• **WORK TASK**
Give the data below again exactly, and drop each picture from it.

• **DATASET RECORDS**
»»

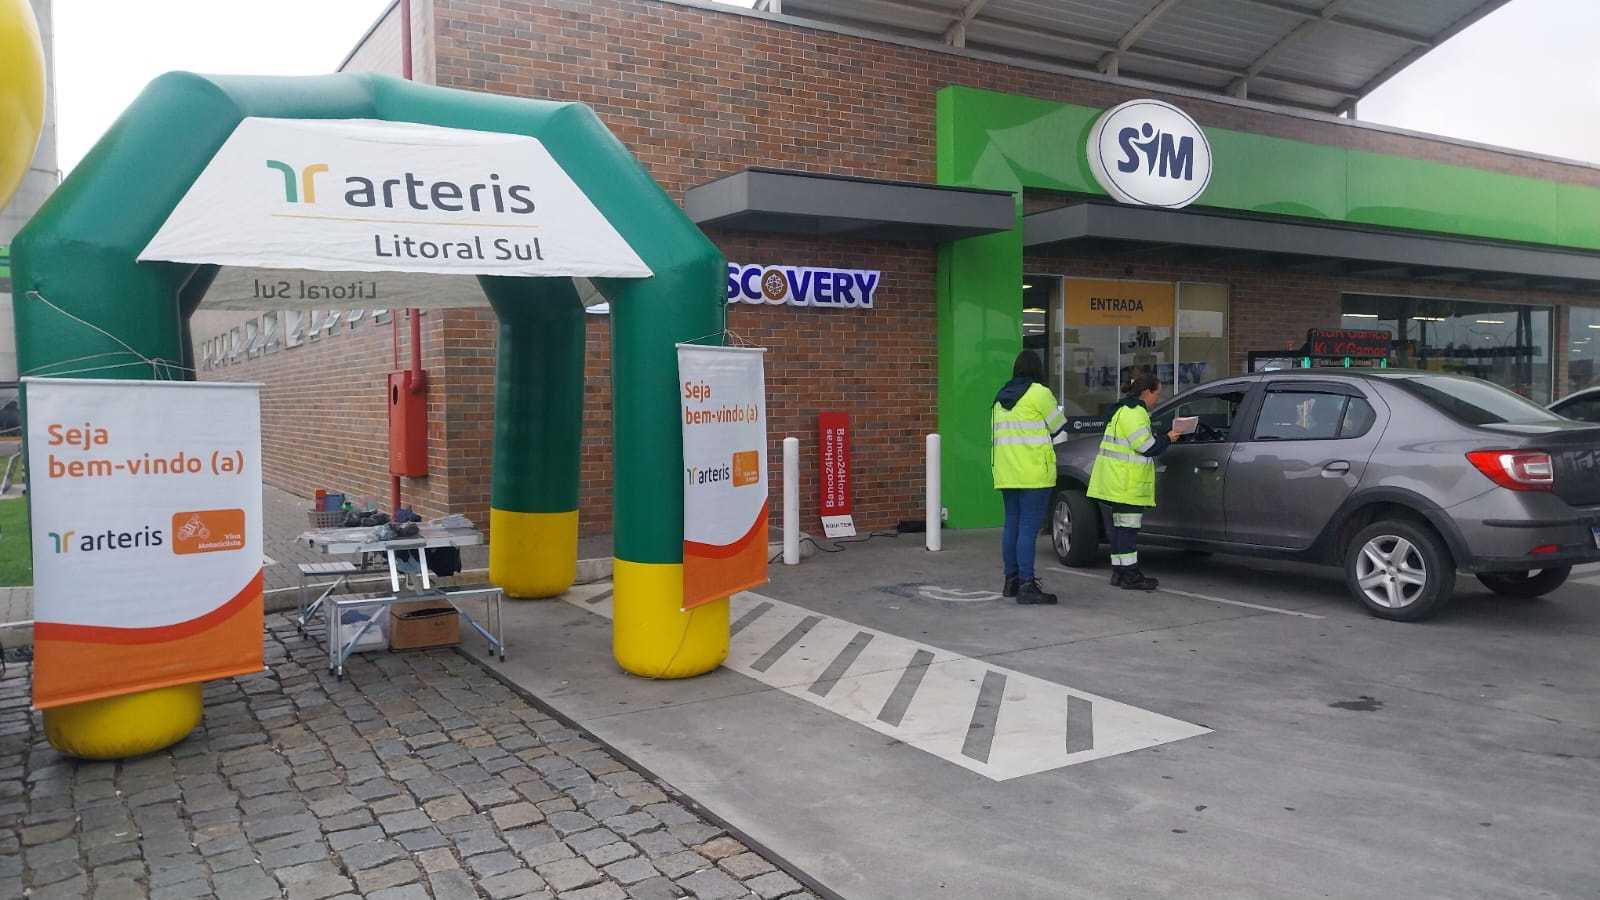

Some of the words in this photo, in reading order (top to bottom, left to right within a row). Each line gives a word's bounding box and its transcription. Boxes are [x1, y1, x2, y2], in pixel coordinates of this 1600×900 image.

[1117, 123, 1194, 181] SIM
[344, 172, 536, 215] arteris
[374, 234, 485, 260] Litoral
[494, 237, 544, 261] Sul
[728, 265, 877, 305] SCOVERY
[1090, 297, 1144, 312] ENTRADA
[684, 380, 711, 403] Seja
[685, 404, 744, 425] bem-vindo
[746, 403, 759, 424] (a)
[47, 422, 109, 451] Seja
[49, 451, 202, 479] bem-vindo
[211, 450, 245, 476] (a)
[698, 463, 730, 485] arteris
[825, 427, 835, 508] Banco24Horas
[836, 427, 846, 507] Banco24Horas
[80, 525, 163, 552] arteris
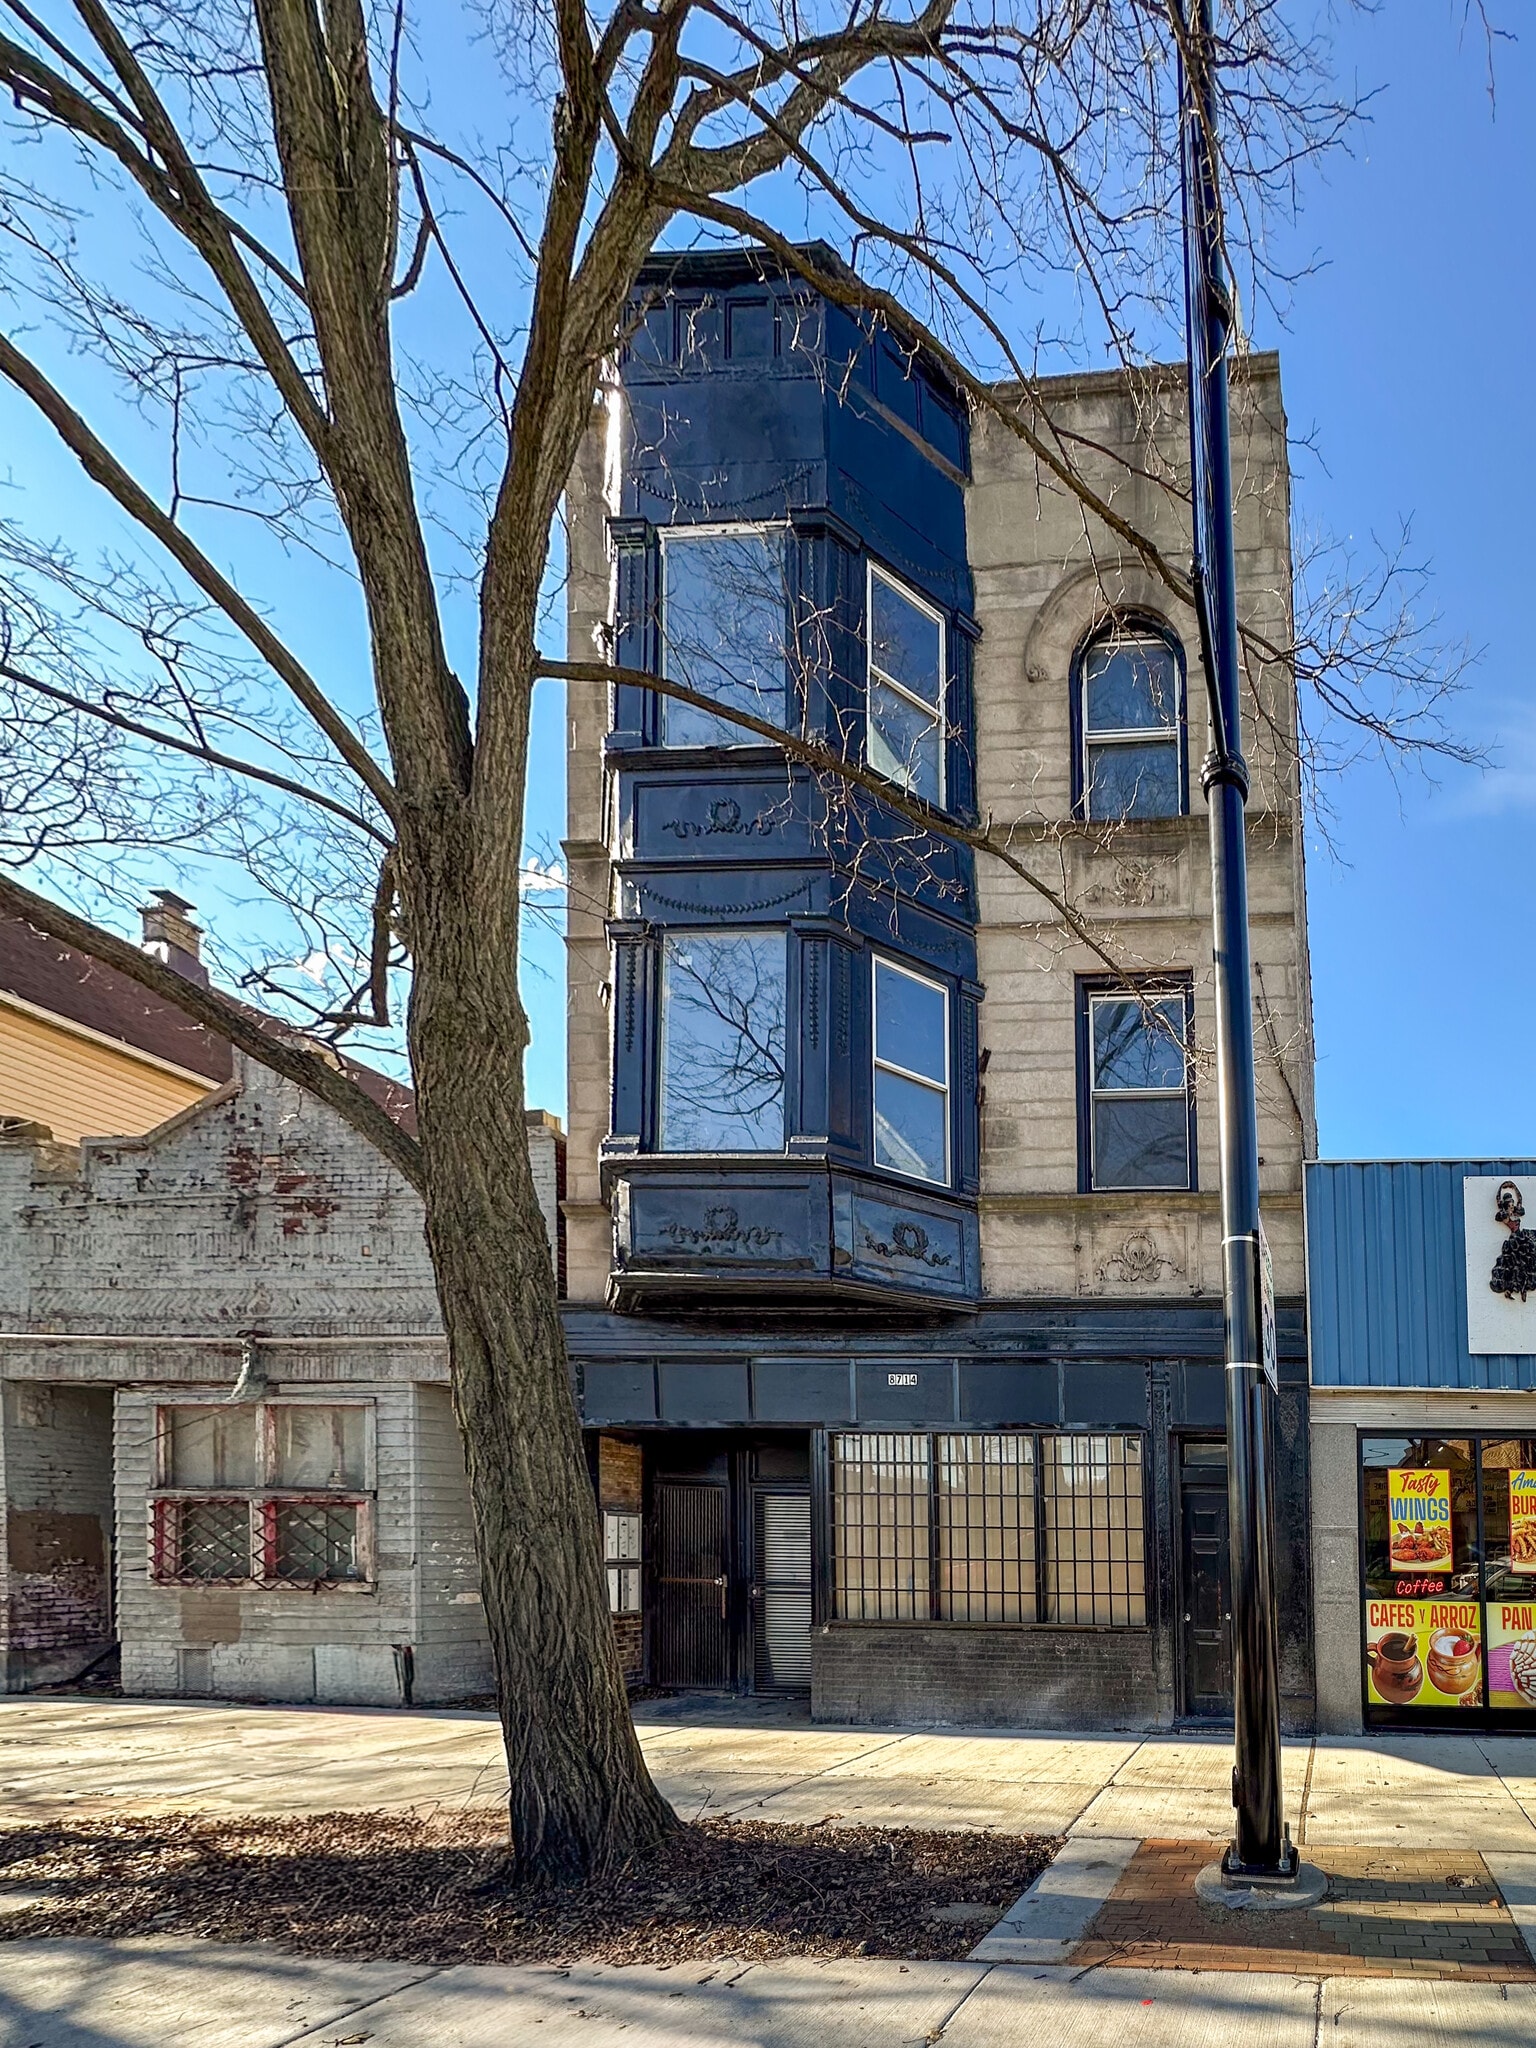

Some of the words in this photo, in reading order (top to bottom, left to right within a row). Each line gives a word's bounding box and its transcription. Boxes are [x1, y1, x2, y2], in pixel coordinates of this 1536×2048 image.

««

• **RESULT BELOW**
Some of the words in this photo, in reading order (top to bottom, left to right within a row). Each line gives a word's bounding box and its transcription. Boxes are [x1, y1, x2, y2], in pixel coordinates of this 1600×900 image.

[1117, 123, 1194, 181] SIM
[344, 172, 536, 215] arteris
[374, 234, 485, 260] Litoral
[494, 237, 544, 261] Sul
[728, 265, 877, 305] SCOVERY
[1090, 297, 1144, 312] ENTRADA
[684, 380, 711, 403] Seja
[685, 404, 744, 425] bem-vindo
[746, 403, 759, 424] (a)
[47, 422, 109, 451] Seja
[49, 451, 202, 479] bem-vindo
[211, 450, 245, 476] (a)
[698, 463, 730, 485] arteris
[825, 427, 835, 508] Banco24Horas
[836, 427, 846, 507] Banco24Horas
[80, 525, 163, 552] arteris

Some of the words in this photo, in reading order (top to bottom, left to right within a row). Each line gives a word's bounding box and its transcription. Boxes are [x1, y1, x2, y2], in pixel coordinates of this 1536×2048 image.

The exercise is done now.